Stored data:
----

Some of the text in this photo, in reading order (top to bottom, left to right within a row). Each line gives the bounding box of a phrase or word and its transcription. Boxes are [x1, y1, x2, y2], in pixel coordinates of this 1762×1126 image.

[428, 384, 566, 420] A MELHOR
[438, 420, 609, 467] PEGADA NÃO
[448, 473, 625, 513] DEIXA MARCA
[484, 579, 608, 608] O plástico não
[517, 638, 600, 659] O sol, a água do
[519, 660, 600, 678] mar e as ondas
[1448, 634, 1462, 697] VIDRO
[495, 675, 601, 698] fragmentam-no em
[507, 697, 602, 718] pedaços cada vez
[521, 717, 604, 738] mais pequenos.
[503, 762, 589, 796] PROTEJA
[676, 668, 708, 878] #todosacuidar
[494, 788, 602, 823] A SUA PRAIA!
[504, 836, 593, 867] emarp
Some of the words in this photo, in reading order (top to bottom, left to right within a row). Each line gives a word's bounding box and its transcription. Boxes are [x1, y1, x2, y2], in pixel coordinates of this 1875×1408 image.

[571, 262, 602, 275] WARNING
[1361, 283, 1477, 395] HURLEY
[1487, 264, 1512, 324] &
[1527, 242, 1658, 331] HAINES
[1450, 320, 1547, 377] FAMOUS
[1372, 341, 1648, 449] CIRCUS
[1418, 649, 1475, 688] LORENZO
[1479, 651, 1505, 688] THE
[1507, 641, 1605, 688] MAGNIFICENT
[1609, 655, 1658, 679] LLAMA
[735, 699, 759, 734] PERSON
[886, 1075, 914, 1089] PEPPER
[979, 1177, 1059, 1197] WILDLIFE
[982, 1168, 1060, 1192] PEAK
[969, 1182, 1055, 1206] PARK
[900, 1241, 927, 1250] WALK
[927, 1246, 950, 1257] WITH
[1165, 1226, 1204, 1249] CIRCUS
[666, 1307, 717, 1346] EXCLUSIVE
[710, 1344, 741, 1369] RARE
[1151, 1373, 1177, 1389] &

----

WORK REQUEST: Output every line of the data again, exactly.

EXERCISE OUTPUT:
Some of the text in this photo, in reading order (top to bottom, left to right within a row). Each line gives the bounding box of a phrase or word and its transcription. Boxes are [x1, y1, x2, y2], in pixel coordinates of this 1762×1126 image.

[428, 384, 566, 420] A MELHOR
[438, 420, 609, 467] PEGADA NÃO
[448, 473, 625, 513] DEIXA MARCA
[484, 579, 608, 608] O plástico não
[517, 638, 600, 659] O sol, a água do
[519, 660, 600, 678] mar e as ondas
[1448, 634, 1462, 697] VIDRO
[495, 675, 601, 698] fragmentam-no em
[507, 697, 602, 718] pedaços cada vez
[521, 717, 604, 738] mais pequenos.
[503, 762, 589, 796] PROTEJA
[676, 668, 708, 878] #todosacuidar
[494, 788, 602, 823] A SUA PRAIA!
[504, 836, 593, 867] emarp
Some of the words in this photo, in reading order (top to bottom, left to right within a row). Each line gives a word's bounding box and its transcription. Boxes are [x1, y1, x2, y2], in pixel coordinates of this 1875×1408 image.

[571, 262, 602, 275] WARNING
[1361, 283, 1477, 395] HURLEY
[1487, 264, 1512, 324] &
[1527, 242, 1658, 331] HAINES
[1450, 320, 1547, 377] FAMOUS
[1372, 341, 1648, 449] CIRCUS
[1418, 649, 1475, 688] LORENZO
[1479, 651, 1505, 688] THE
[1507, 641, 1605, 688] MAGNIFICENT
[1609, 655, 1658, 679] LLAMA
[735, 699, 759, 734] PERSON
[886, 1075, 914, 1089] PEPPER
[979, 1177, 1059, 1197] WILDLIFE
[982, 1168, 1060, 1192] PEAK
[969, 1182, 1055, 1206] PARK
[900, 1241, 927, 1250] WALK
[927, 1246, 950, 1257] WITH
[1165, 1226, 1204, 1249] CIRCUS
[666, 1307, 717, 1346] EXCLUSIVE
[710, 1344, 741, 1369] RARE
[1151, 1373, 1177, 1389] &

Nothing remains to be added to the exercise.